For studies conducted in the US, research data from each phase of drug development is shared with the FDA (Food and Drug Administration), the regulatory agency that analyzes the data and determines whether the drug, treatment, or device gets approved to go on the market in the US. Many countries have similar regulatory agencies or bodies that oversee the conduct of clinical trials.
Read more about the phases below:
A Phase I study includes a small number of participants and can take several months to complete. These individuals are tested to evaluate the safety, dosage and slide effects of a drug.
A Phase II study can include up to several hundred participants with the disease that the study drug will potentially treat. Researchers want to determine the effective dosage range while also monitoring for safety of the drug.

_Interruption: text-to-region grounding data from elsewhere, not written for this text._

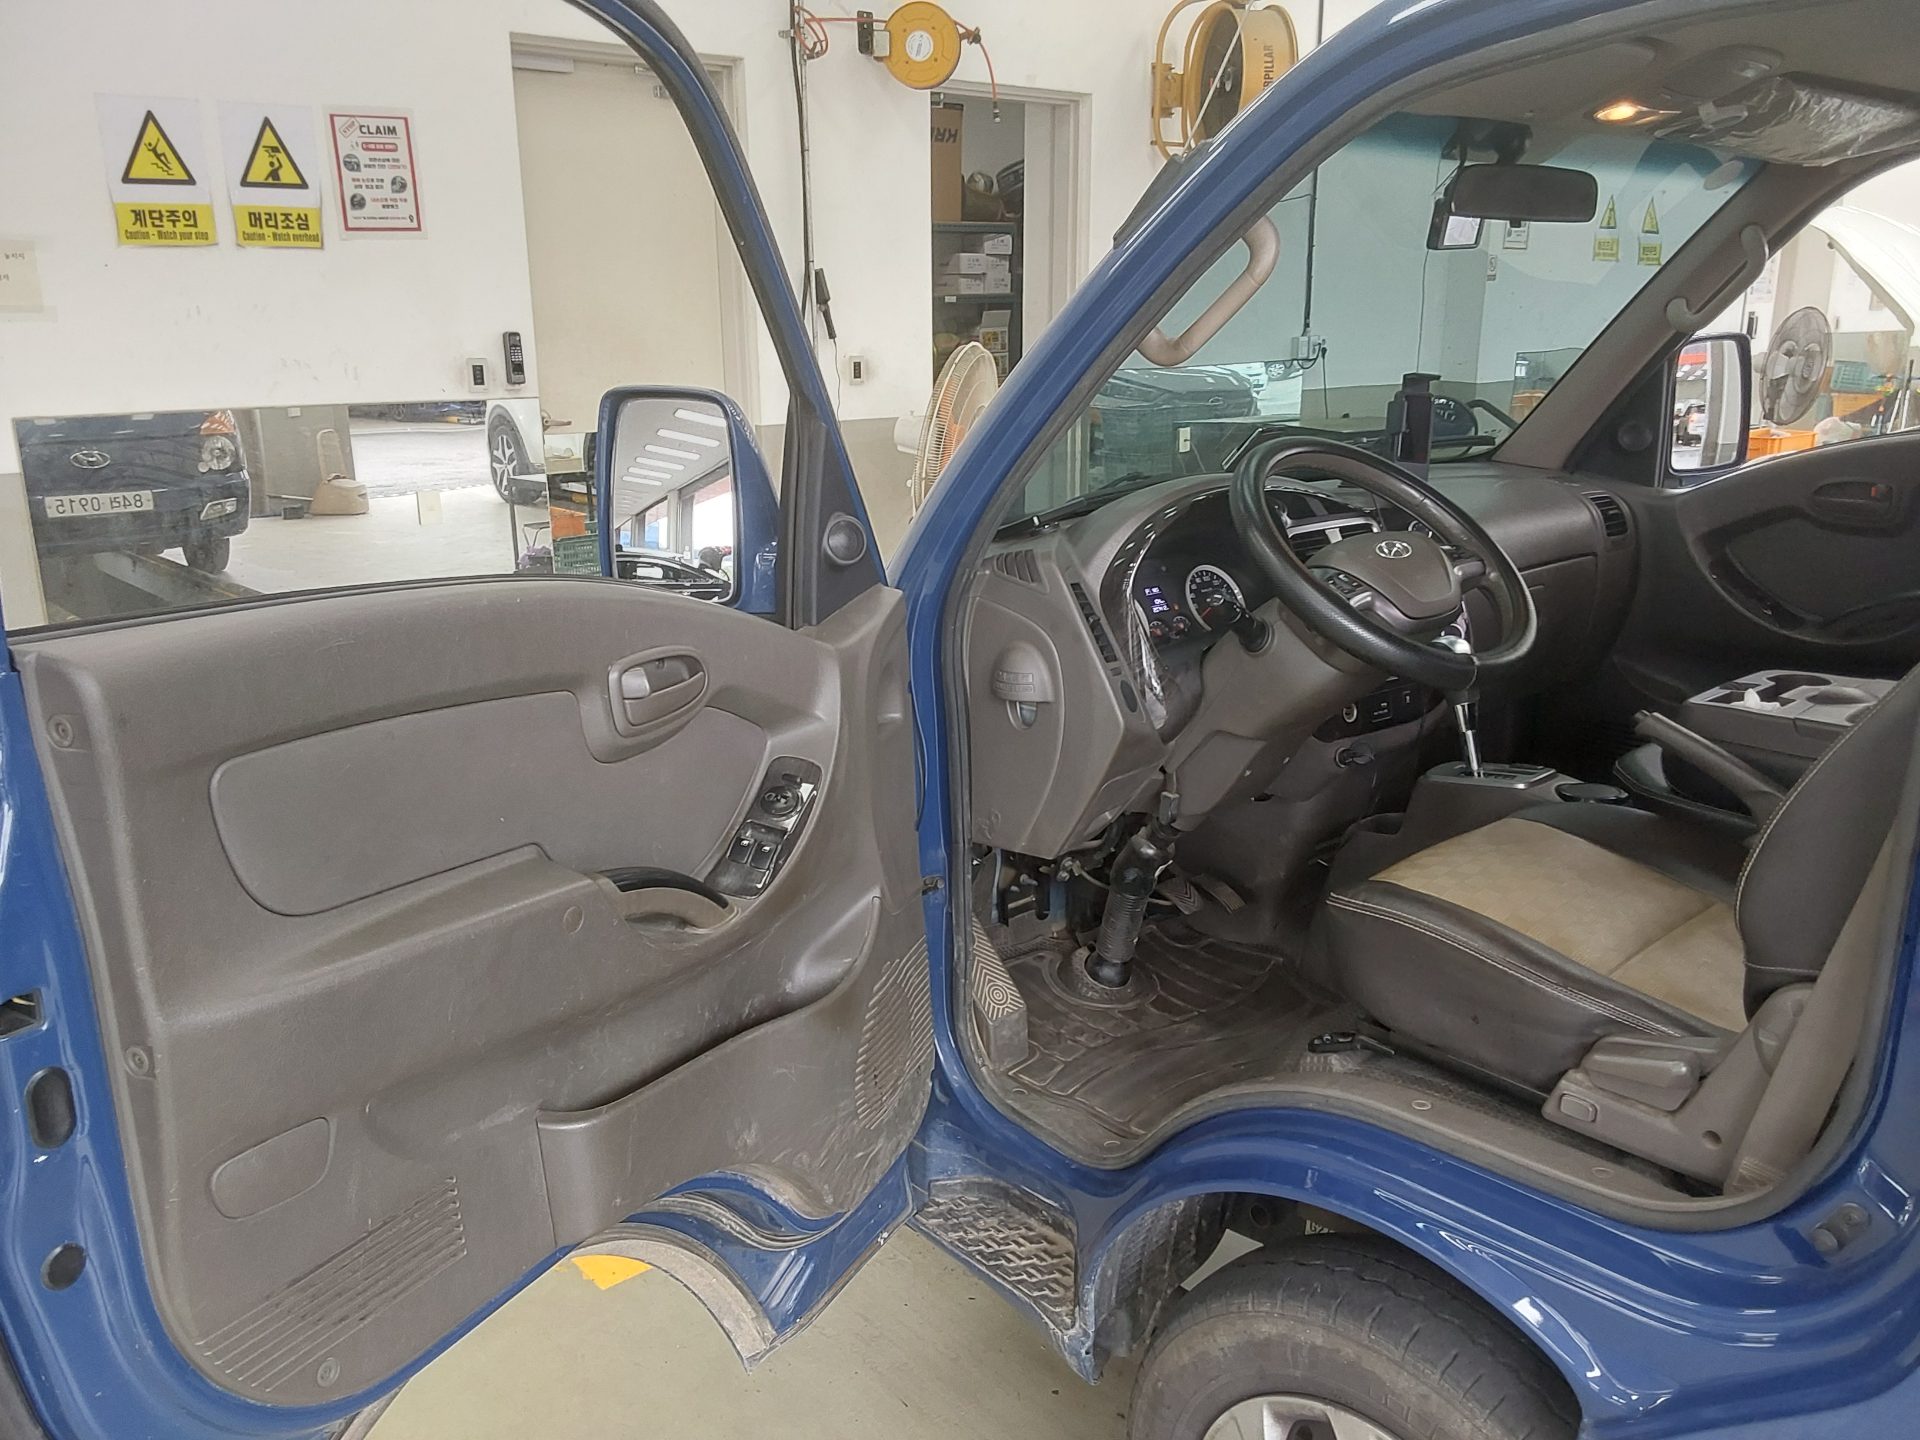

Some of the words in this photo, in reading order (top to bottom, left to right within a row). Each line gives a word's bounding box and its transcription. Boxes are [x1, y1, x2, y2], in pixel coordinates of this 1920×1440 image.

[359, 124, 398, 136] CLAIM
[130, 209, 198, 228] 계단주의
[248, 211, 310, 231] 머리조심
[125, 229, 150, 240] Caution
[157, 230, 177, 240] Watch
[179, 231, 193, 241] your
[242, 230, 266, 241] Caution
[272, 231, 291, 242] Watch
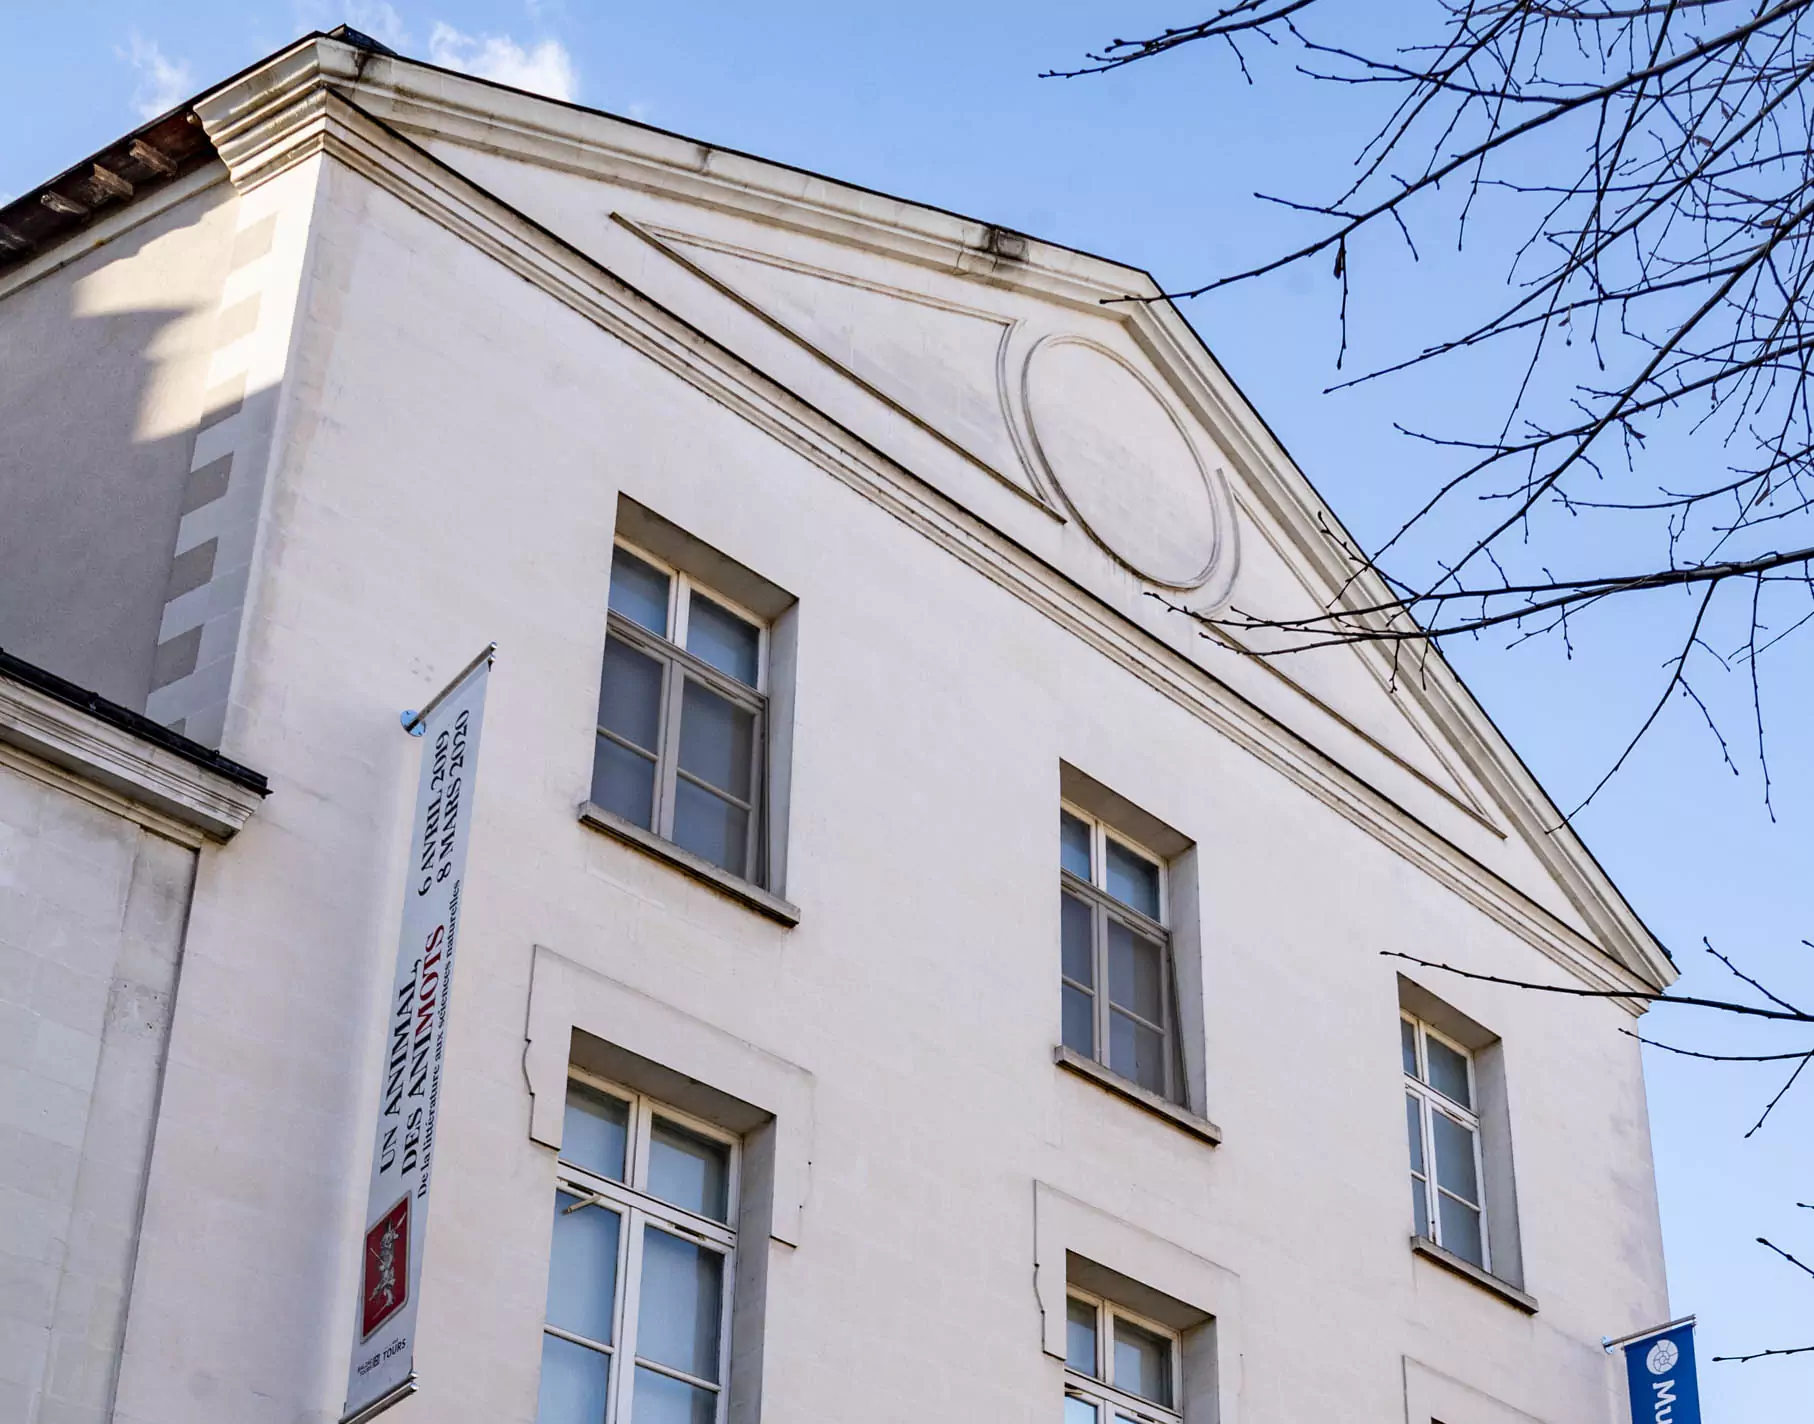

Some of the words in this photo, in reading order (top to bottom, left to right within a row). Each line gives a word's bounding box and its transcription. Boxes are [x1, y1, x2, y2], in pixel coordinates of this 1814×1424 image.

[431, 730, 449, 791] 2019
[449, 709, 469, 776] 2020
[421, 789, 442, 871] AVRIL
[439, 777, 461, 861] MARS
[418, 875, 432, 896] 6
[436, 861, 451, 882] 8
[447, 879, 460, 958] naturelles
[408, 924, 444, 1097] ANIMOTS
[438, 961, 451, 1028] sciences
[435, 1032, 443, 1061] aux
[380, 1126, 398, 1176] UN
[401, 1107, 422, 1178] DES
[421, 1152, 430, 1171] la
[417, 1173, 428, 1199] De
[383, 1339, 406, 1360] TOURS

A Phase II study can last several months to years.
In a Phase III study the number of participants generally ranges from several hundred to several thousand. These volunteers are usually randomly assigned to either a treatment group or a control group. Monitoring side-effects is the primary focus of a Phase III study. Participants are tested and asked to share their reactions to the study drug they receive. Researchers monitor its effectiveness and compare this information with existing treatments. A Phase III study can last several months to years.
After a drug has been approved and is available to US consumers, then a Phase IV study or a “post-marketing study” can be launched. Participants in this study are taking the marketed drug and agree to be surveyed about efficacy and side effects over long periods of time.